British Court Rules Wikileaks Founder Should Be Extradited

WikiLeaks' founder Julian Assange leaves the High Court in London, November 2, 2011.
WikiLeaks' founder Julian Assange leaves the High Court in London, November 2, 2011.
Henry Ridgwell

A British court has ruled that the founder of Wikileaks, Julian Assange, should be extradited to Sweden to face accusations of sexual assault and rape.  The ruling comes as his whistleblowing organization - which published thousands of stolen, confidential cables from U.S. embassies - struggles to raise funds.

London’s High Court rejected Julian Assange’s appeal against his extradition to Sweden Wednesday morning.

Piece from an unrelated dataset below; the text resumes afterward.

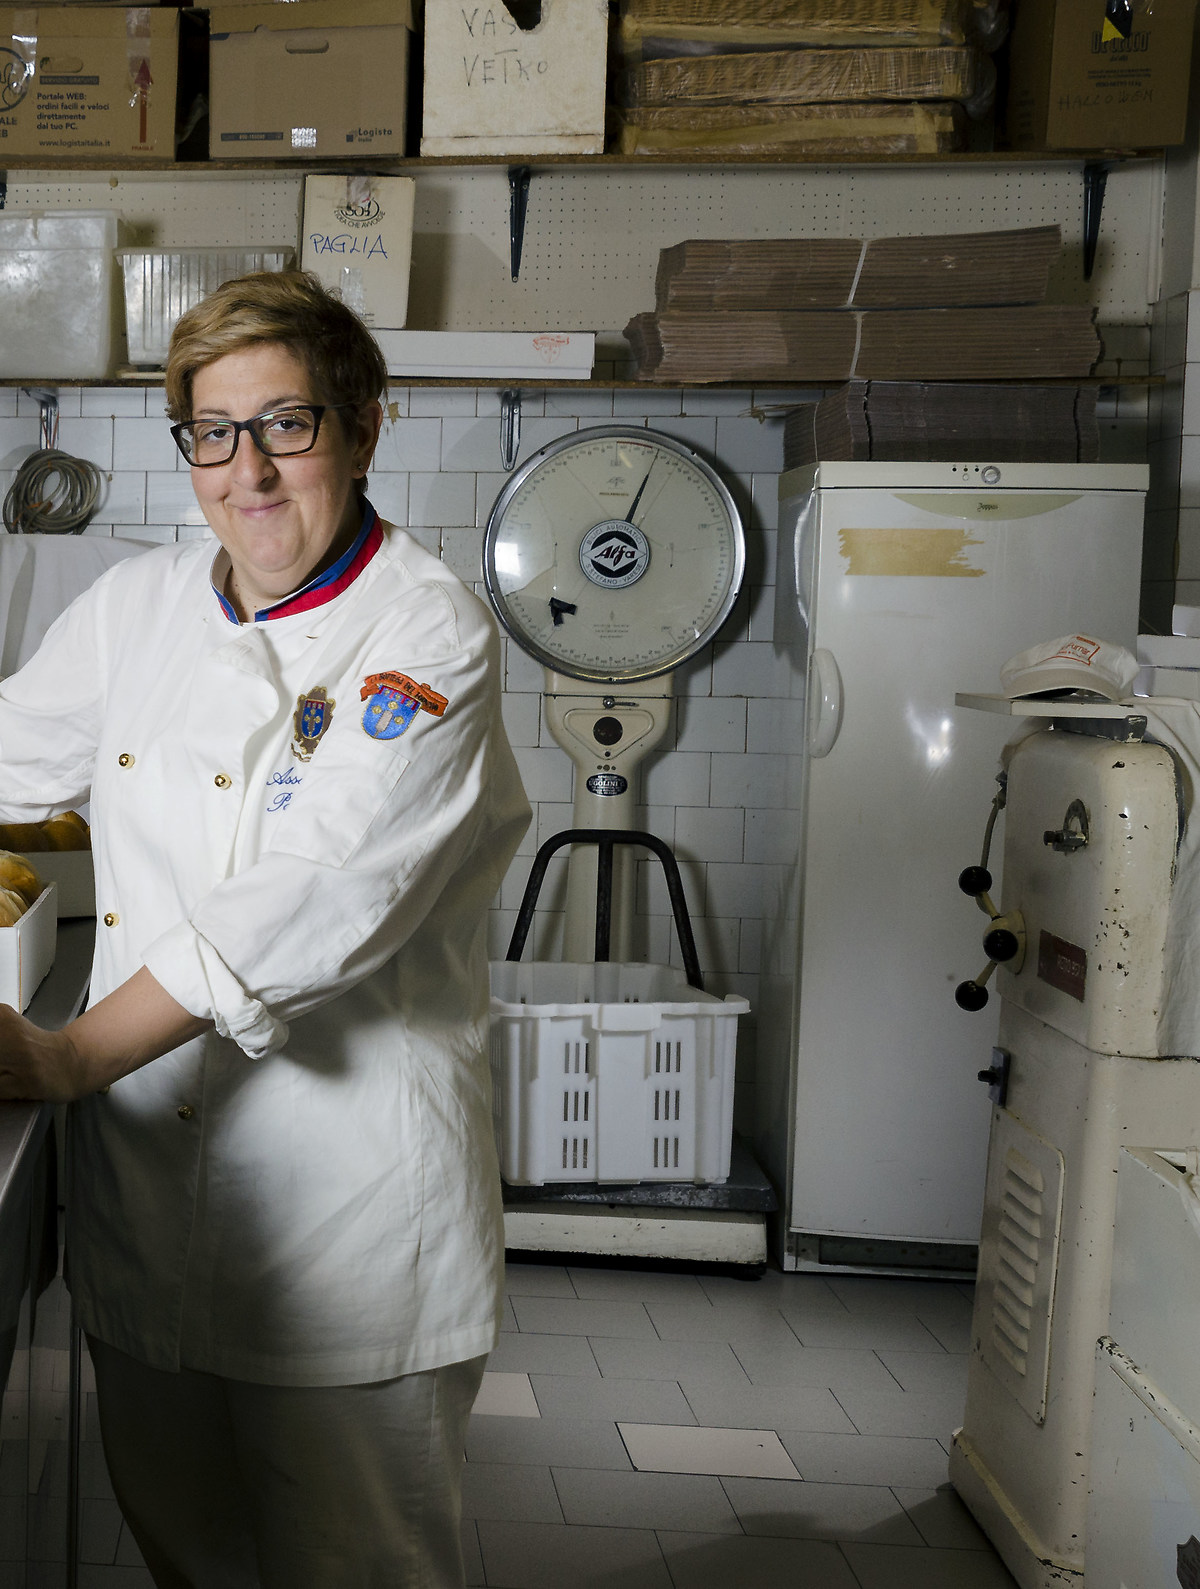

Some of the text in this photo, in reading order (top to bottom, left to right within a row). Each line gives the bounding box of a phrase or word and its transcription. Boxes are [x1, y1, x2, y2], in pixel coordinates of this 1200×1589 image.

The Wikileaks founder emerged from the hearing still adamant that the legal process is flawed.

"I have not been charged with any crime in any country," said Assange. "Despite this, the European arrest warrant is so restrictive that it prevents UK courts from considering the facts of a case as judges have made clear here today. We will be considering our next step in the days ahead.”

Prosecutors in Sweden want to question Assange about allegations of rape and sexual assault against two women - charges he denies.

His lawyers have been fighting the extradition request since his arrest a year ago.

Many Wikileaks supporters claim the extradition request is politically motivated by governments angered at the organization’s activities.

In November last year, Wikileaks published thousands of stolen, confidential U.S. diplomatic cables.  They included sensitive information on anti-terrorism activities and candid views on foreign leaders.

Previous leaks included tens of thousands of confidential files on the wars in Afghanistan and Iraq.

Assange has claimed he risks being handed over to the United States for prosecution, if sent to Sweden.

Charlie Beckett, media expert at the London School of Economics has just written a book on Wikileaks.

“I don’t think you have to be paranoid to think that they are actually trying to ‘get’ Wikileaks," said Beckett. "But I’m not sure that this legal process has got anything to do with that.  There’s enough pressure coming from the American government, from governments around the world frankly, in alliance with corporations who are putting the heat upon Wikileaks, they’re making it much harder for Wikileaks to operate.”

The latest setback for Julian Assange comes as Wikileaks struggles for funding.

Government pressure saw companies like Visa, Mastercard and Paypal stop processing donations to the organization.  Analysts say 95 percent of its funding has dried up.

That does not mean the end of new types of media like Wikileaks, says author Charlie Beckett.

“We still have millions of people out there who are very skeptical about mainstream media and mainstream politics," said the author. "We’ve got a networked information age where it’s much more vulnerable to large-scale disclosure of secrets.  And so even if Wikileaks disappears, leaking and this kind of radical website activity, that will certainly not disappear.”

Julian Assange based Wikileaks in Sweden because he believed its laws on freedom of speech would shield it from prosecution.

Now he has two weeks to appeal to Britain’s Supreme Court or he will be extradited to Sweden to face the charges of rape and sexual assault.